Work required
Please restate each line of the data that follows word for word, skipping any image.

(Annotated photo localization data)
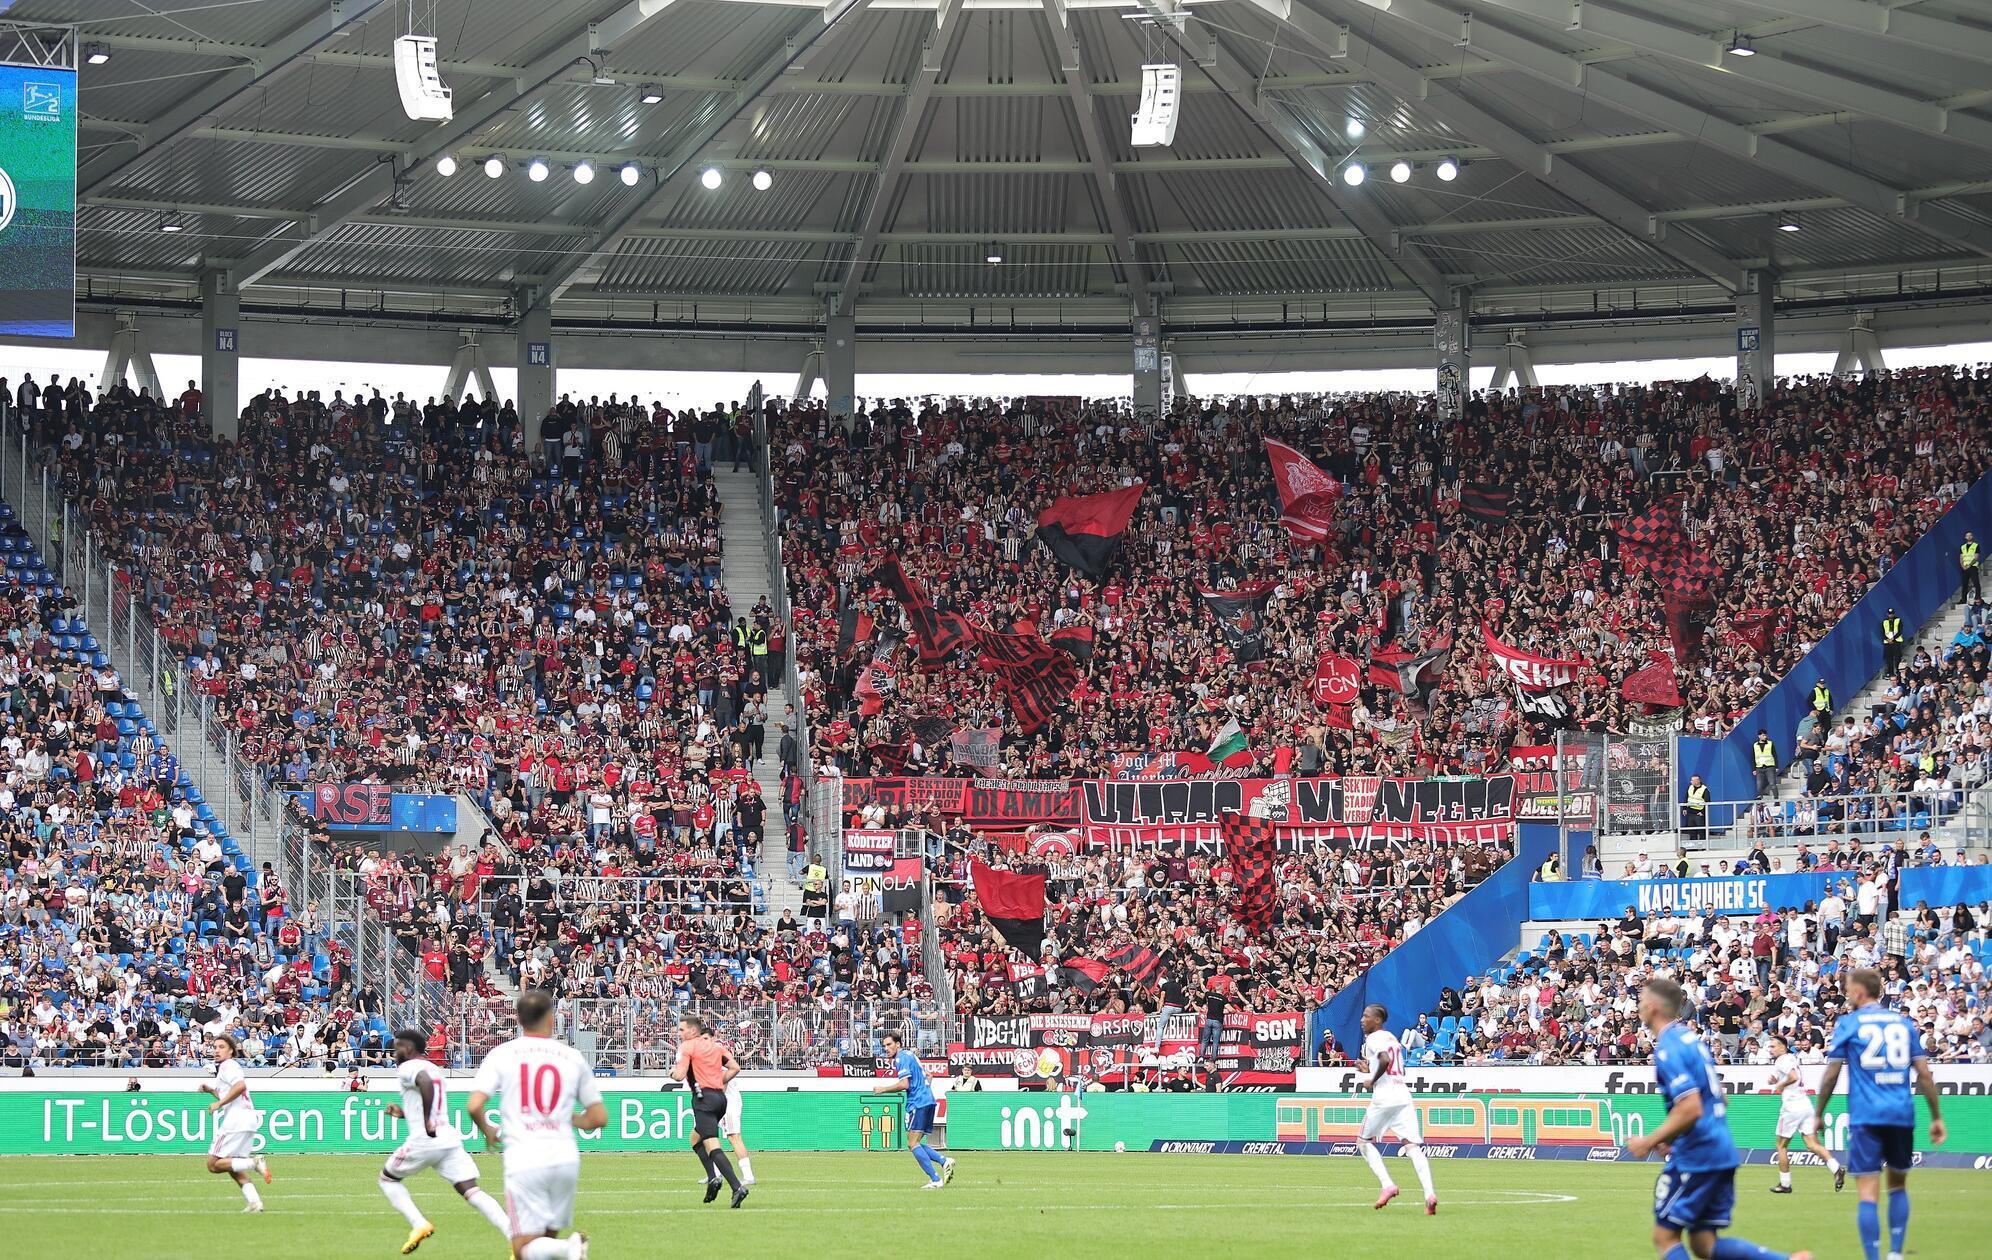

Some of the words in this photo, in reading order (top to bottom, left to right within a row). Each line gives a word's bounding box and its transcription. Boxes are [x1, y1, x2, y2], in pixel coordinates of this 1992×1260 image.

[23, 114, 60, 122] BUNDESLIGA
[219, 337, 233, 350] N4
[531, 351, 545, 364] N4
[1327, 661, 1340, 677] 1.
[1318, 674, 1358, 696] FCN
[909, 779, 963, 790] SEKTION
[909, 789, 963, 800] STADION
[315, 784, 391, 823] RSE
[971, 790, 999, 817] DI
[1002, 790, 1081, 818] AMICI
[1083, 781, 1243, 826] ULTRAS
[847, 832, 893, 849] KÖDITZER
[847, 853, 874, 868] LAND
[1638, 880, 1745, 912] KARLSRUHER
[1748, 879, 1767, 908] SC
[1018, 977, 1036, 998] LW
[1030, 1015, 1044, 1029] DIE
[1101, 1018, 1130, 1036] RSR
[1255, 1018, 1298, 1042] SGN
[973, 1015, 1031, 1049] NBG-LW
[1856, 1023, 1912, 1069] 28
[950, 1051, 1014, 1066] SEENLAND
[520, 1062, 562, 1115] 10
[1000, 1094, 1089, 1149] init
[1168, 1142, 1216, 1154] CRONIMET
[1241, 1142, 1286, 1154] CREMETAL
[1487, 1146, 1537, 1160] CREMETAL
[1769, 1151, 1826, 1166] CEMETAL
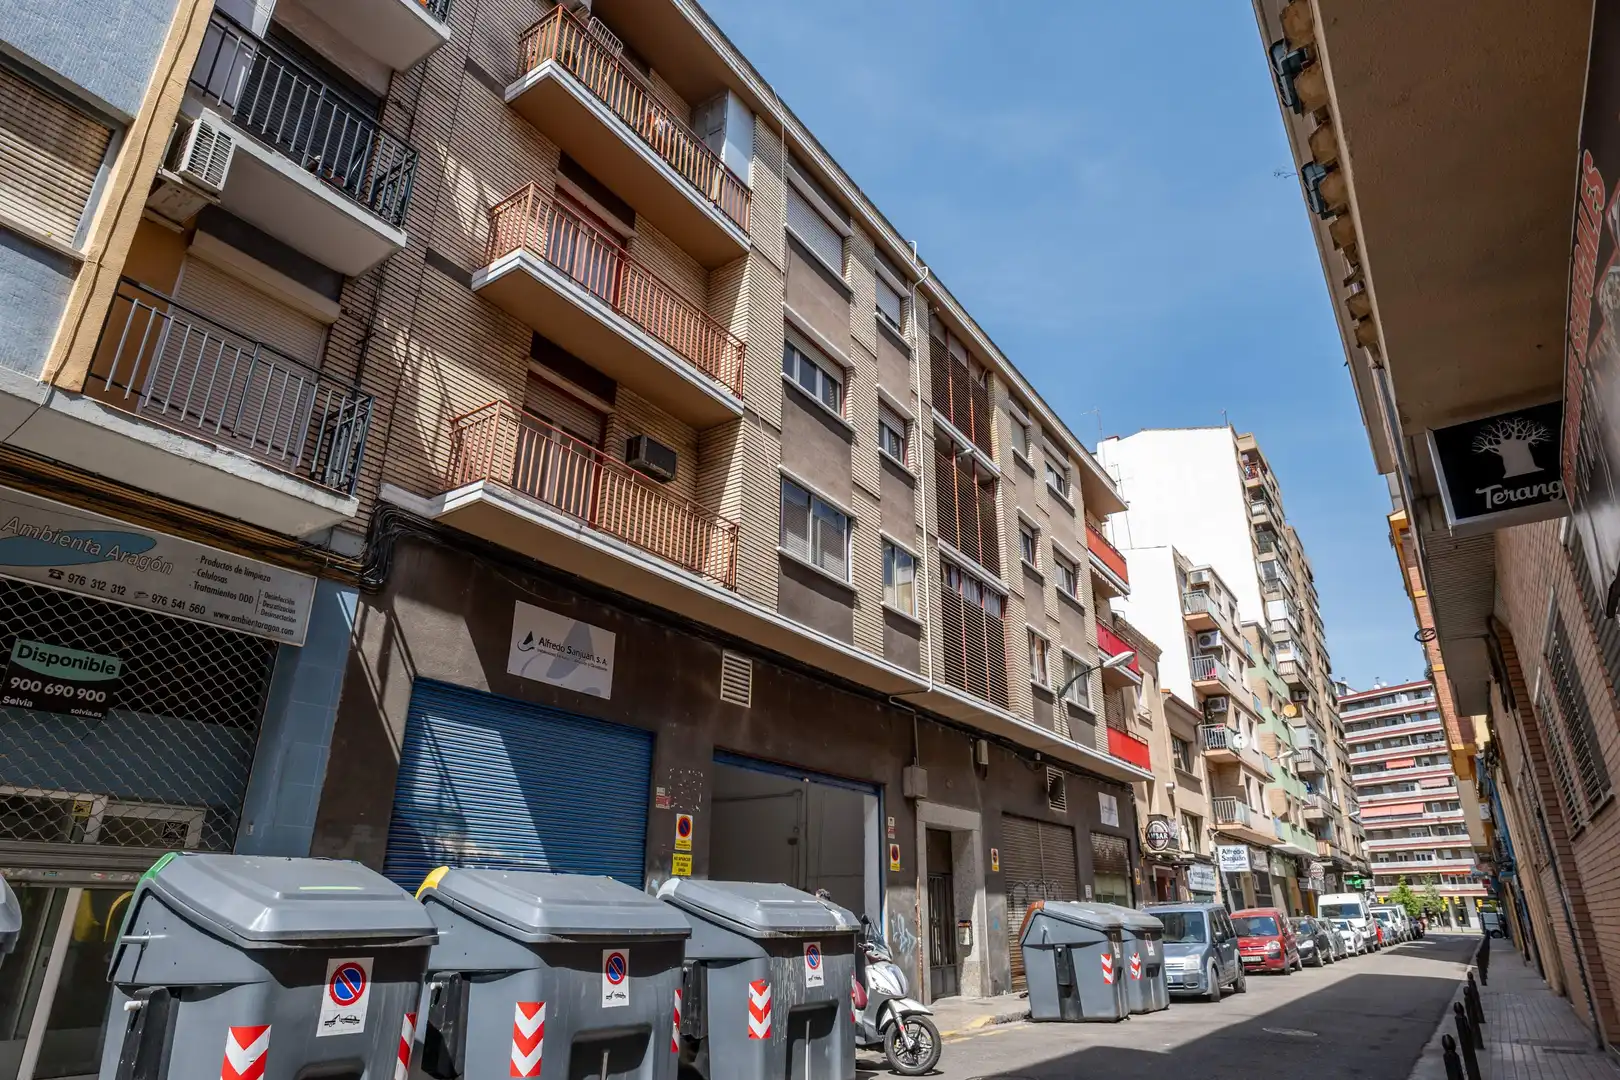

Exercise answer
Some of the words in this photo, in reading order (top to bottom, left to right within a row). Each line gives a word's bounding box and its transcription. Boxes are [x1, y1, x2, y2], in pixel coordinates of this 1992×1260 image.

[23, 114, 60, 122] BUNDESLIGA
[219, 337, 233, 350] N4
[531, 351, 545, 364] N4
[1327, 661, 1340, 677] 1.
[1318, 674, 1358, 696] FCN
[909, 779, 963, 790] SEKTION
[909, 789, 963, 800] STADION
[315, 784, 391, 823] RSE
[971, 790, 999, 817] DI
[1002, 790, 1081, 818] AMICI
[1083, 781, 1243, 826] ULTRAS
[847, 832, 893, 849] KÖDITZER
[847, 853, 874, 868] LAND
[1638, 880, 1745, 912] KARLSRUHER
[1748, 879, 1767, 908] SC
[1018, 977, 1036, 998] LW
[1030, 1015, 1044, 1029] DIE
[1101, 1018, 1130, 1036] RSR
[1255, 1018, 1298, 1042] SGN
[973, 1015, 1031, 1049] NBG-LW
[1856, 1023, 1912, 1069] 28
[950, 1051, 1014, 1066] SEENLAND
[520, 1062, 562, 1115] 10
[1000, 1094, 1089, 1149] init
[1168, 1142, 1216, 1154] CRONIMET
[1241, 1142, 1286, 1154] CREMETAL
[1487, 1146, 1537, 1160] CREMETAL
[1769, 1151, 1826, 1166] CEMETAL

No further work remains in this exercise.